When radio waves are absorbed they may create an alternating current with the same frequency as the radio wave itself, so radio waves can themselves induce oscillations in an electrical circuit
Changes in atoms and the nuclei of atoms can result in electromagnetic waves being generated or absorbed over a wide frequency range. Gamma rays originate from changes in the nucleus of an atom.
Ultraviolet waves, X-rays and gamma rays can have hazardous effects on human body tissue. The effects depend on the type of radiation and the size of the dose. Radiation dose (in sieverts) is a measure of the risk of harm resulting from an exposure of the body to the radiation.
1000 millisieverts (mSv) = 1 sievert (Sv)
Ultraviolet waves can cause skin to age prematurely and increase the risk of skin cancer. X-rays and gamma rays are ionising radiation that can cause the mutation of genes and cancer.

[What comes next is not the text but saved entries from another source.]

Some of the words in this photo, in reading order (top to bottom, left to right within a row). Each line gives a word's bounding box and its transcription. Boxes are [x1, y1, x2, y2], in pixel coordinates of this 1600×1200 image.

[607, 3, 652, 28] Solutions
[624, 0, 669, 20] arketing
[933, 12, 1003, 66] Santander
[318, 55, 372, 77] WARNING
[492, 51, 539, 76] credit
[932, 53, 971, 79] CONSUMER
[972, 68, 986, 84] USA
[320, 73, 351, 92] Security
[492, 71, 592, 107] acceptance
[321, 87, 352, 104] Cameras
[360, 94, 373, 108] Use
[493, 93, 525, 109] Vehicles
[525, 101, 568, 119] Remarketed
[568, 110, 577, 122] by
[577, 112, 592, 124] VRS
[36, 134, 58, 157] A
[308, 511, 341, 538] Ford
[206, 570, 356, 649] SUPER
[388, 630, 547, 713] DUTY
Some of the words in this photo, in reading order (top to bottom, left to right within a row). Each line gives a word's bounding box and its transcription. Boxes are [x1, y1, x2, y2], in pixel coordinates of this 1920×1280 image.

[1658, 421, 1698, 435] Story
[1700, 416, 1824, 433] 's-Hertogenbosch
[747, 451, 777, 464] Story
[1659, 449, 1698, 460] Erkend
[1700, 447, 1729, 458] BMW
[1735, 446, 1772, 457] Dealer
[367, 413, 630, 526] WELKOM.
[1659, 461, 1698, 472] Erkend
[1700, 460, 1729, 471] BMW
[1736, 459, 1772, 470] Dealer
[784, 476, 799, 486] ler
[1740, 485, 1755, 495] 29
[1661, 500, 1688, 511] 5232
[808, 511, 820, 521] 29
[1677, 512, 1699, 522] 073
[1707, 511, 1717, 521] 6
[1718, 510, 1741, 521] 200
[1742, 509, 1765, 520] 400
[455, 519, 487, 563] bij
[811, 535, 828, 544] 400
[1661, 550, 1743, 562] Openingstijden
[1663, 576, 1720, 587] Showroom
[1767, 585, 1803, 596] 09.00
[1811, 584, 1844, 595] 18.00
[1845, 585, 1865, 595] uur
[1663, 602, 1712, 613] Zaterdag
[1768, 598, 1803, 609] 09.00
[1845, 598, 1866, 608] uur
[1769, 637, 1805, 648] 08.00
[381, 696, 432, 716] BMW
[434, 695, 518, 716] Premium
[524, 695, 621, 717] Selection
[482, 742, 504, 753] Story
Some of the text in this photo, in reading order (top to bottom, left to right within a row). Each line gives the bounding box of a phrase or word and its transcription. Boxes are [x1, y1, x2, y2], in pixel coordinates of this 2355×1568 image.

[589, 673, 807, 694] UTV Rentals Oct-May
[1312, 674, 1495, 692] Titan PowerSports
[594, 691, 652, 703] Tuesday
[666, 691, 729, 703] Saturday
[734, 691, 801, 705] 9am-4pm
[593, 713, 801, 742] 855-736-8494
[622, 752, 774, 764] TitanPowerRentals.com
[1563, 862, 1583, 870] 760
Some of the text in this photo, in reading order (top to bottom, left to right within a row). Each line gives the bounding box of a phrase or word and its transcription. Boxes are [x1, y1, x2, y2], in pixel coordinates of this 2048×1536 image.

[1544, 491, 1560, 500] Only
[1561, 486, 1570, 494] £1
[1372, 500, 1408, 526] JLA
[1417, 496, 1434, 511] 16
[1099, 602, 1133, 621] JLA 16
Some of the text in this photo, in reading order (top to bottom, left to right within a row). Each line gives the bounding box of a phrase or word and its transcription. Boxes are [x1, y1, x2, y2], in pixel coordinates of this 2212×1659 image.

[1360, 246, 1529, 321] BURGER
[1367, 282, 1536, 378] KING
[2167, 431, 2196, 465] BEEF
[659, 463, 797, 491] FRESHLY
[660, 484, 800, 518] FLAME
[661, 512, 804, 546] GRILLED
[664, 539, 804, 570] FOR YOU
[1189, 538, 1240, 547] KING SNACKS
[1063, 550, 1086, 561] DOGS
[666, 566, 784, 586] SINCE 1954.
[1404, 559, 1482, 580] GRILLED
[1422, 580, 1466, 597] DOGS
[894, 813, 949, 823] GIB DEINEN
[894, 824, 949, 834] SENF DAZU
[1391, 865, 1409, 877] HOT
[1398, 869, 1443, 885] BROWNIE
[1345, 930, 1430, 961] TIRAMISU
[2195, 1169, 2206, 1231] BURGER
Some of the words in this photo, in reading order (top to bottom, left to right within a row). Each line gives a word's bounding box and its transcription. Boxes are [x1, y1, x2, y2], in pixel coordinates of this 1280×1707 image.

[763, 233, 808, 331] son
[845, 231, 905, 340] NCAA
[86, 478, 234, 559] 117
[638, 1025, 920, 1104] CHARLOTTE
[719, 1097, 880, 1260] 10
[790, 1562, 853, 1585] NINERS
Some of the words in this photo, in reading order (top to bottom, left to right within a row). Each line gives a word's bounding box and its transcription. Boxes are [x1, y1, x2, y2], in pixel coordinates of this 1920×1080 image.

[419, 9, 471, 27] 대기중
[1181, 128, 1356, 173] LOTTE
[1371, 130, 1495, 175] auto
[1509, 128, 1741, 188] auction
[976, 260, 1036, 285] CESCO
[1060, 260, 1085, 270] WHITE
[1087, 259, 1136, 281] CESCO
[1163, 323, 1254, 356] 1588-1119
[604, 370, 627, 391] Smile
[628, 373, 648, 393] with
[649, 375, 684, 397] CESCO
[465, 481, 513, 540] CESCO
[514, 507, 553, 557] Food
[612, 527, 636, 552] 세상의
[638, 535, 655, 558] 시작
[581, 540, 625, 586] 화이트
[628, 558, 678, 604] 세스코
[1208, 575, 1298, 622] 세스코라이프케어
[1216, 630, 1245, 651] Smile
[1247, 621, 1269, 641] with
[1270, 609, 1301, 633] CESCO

Electromagnetic waves have many practical applications. For example:
Radio waves – television and radio
Microwaves – satellite communications, cooking food
Infrared – electrical heaters, cooking food, infrared cameras
Visible light – fibre optic communications
Ultraviolet – energy efficient lamps, sun tanning
X-rays and Gamma rays – medical imaging and treatments
A lens forms an image by refracting light. In a convex lens, parallel rays of light are brought to a focus at the principal focus. The distance from the lens to the principal focus is called the focal length. Ray diagrams are used to show the formation of images by convex and concave lenses.
The image produced by a convex lens can be either real or virtual.
The image produced by a concave lens is always virtual.
magnification = image height / object height
In ray diagrams a convex lens will be represented by:
A concave lens will be represented by:
Each colour within the visible light spectrum has its own narrow band of wavelength and frequency.
Reflection from a smooth surface in a single direction is called specular reflection. Reflection from a rough surface causes scattering: this is called diffuse reflection.
Colour filters work by absorbing certain wavelengths (and colour) and transmitting other wavelengths (and colour).
The colour of an opaque object is determined by which wavelengths of light are more strongly reflected. Wavelengths that are not reflected are absorbed. If all wavelengths are reflected equally the object appears white. If all wavelengths are absorbed the objects appears black.
Objects that transmit light are either transparent or translucent.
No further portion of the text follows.